If you do not create your own Estate Plan, your home state has a plan for you.
All states have a system of dividing your estate up should you die without a Will and/or Trust Instrument. This is called dying “intestate”. However, for most people, the results are often not what they desire. For example, the Maryland intestate plan can lead to individuals with whom you have distant or even hostile relations receiving a portion of your estate.
Below are some common examples of Maryland’s statutory intestate formula.
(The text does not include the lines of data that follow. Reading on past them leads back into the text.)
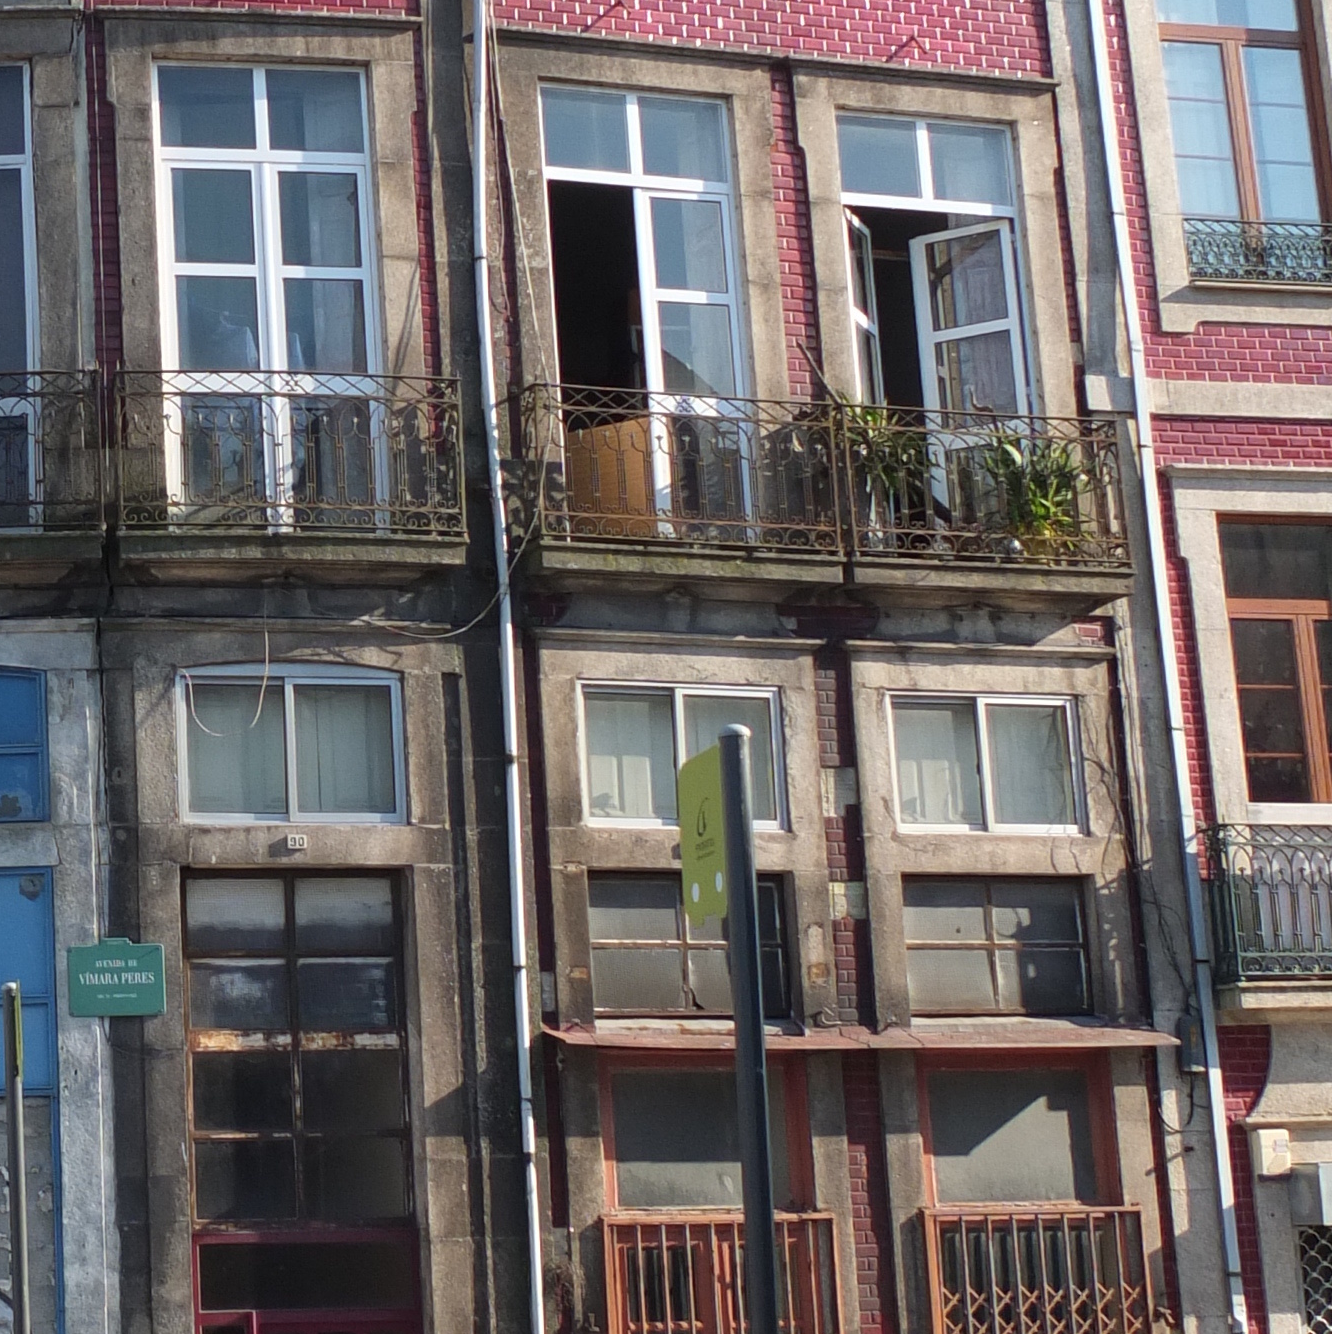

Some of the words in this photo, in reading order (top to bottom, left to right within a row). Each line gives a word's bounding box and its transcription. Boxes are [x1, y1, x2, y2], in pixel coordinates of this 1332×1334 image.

[290, 836, 305, 847] 90
[95, 959, 126, 968] AVENIDA
[78, 971, 119, 985] VÍMARA
[121, 971, 155, 984] PERES
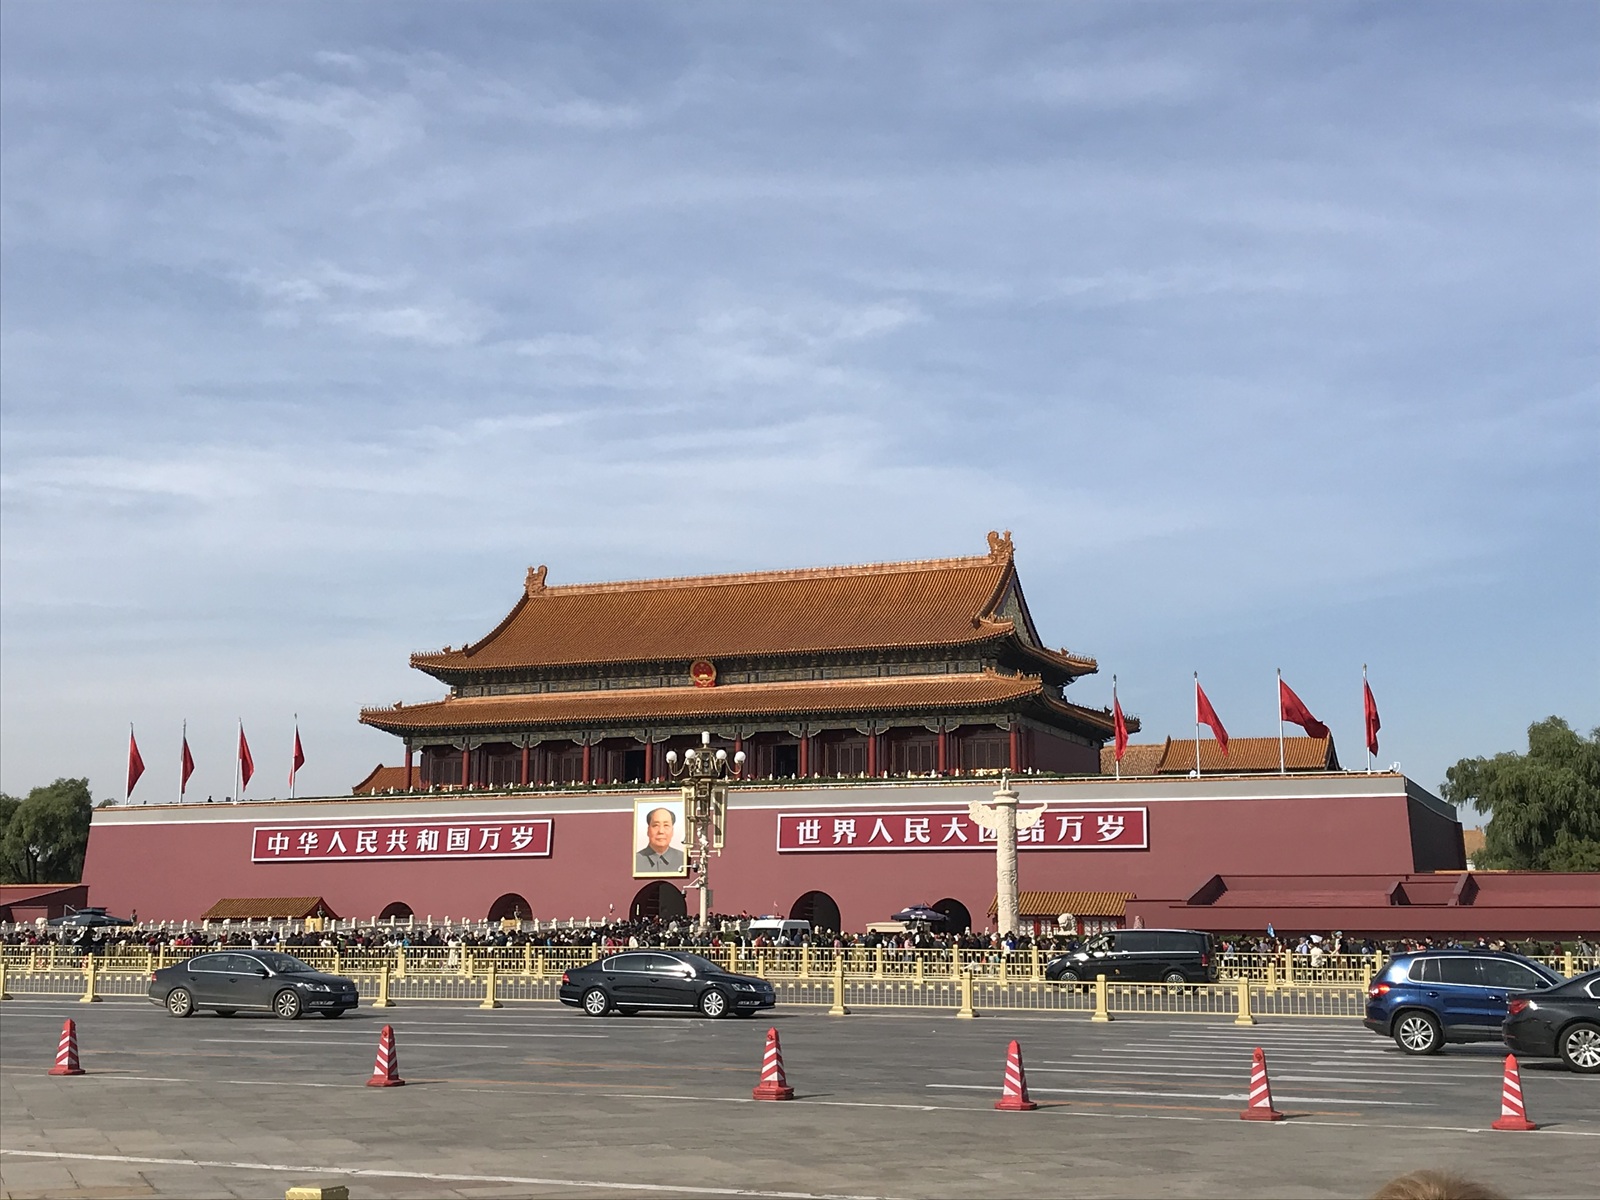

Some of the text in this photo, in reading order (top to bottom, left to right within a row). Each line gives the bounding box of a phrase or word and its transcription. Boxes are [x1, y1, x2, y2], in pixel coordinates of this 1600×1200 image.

[267, 826, 534, 855] 中华人民共和国万岁
For married individuals, rather than your estate going entirely to support your spouse, it is split between your spouse and your surviving children. This is true regardless of the child’s age when their parent died or the financial needs of the surviving spouse. If the child is under the age of eighteen, their inheritance will have to be supervised by a court appointed guardian. While it may seem counterintuitive, under Maryland law a parent is not automatically authorized to handle their child’s inheritance. A parent still needs to be appointed by a judge as their guardian. Further, any withdraws from the minor’s account typically must be approved by a Court. Lastly, once the child turns eighteen, the funds pass directly to them. As most eighteen year olds are not as fiscally responsible as an adult, this too can be far from what the deceased wanted for their child.
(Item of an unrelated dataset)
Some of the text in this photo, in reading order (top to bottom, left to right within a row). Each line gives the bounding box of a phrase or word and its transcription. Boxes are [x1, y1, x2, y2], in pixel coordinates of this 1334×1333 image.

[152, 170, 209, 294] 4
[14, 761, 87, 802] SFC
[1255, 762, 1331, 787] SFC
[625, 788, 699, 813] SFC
For married individuals without children, one-half of their assets pass to their spouse and the other half passes to the deceased individual’s parents. For many couples, this arrangement may also not be ideal.
The Maryland intestacy statute has countless other permutations which dictate who will inherit your estate based on who survives you and their relation to you. It is important for an individual to be familiar with the Maryland statutory approach to see if it represents their wishes for their estate.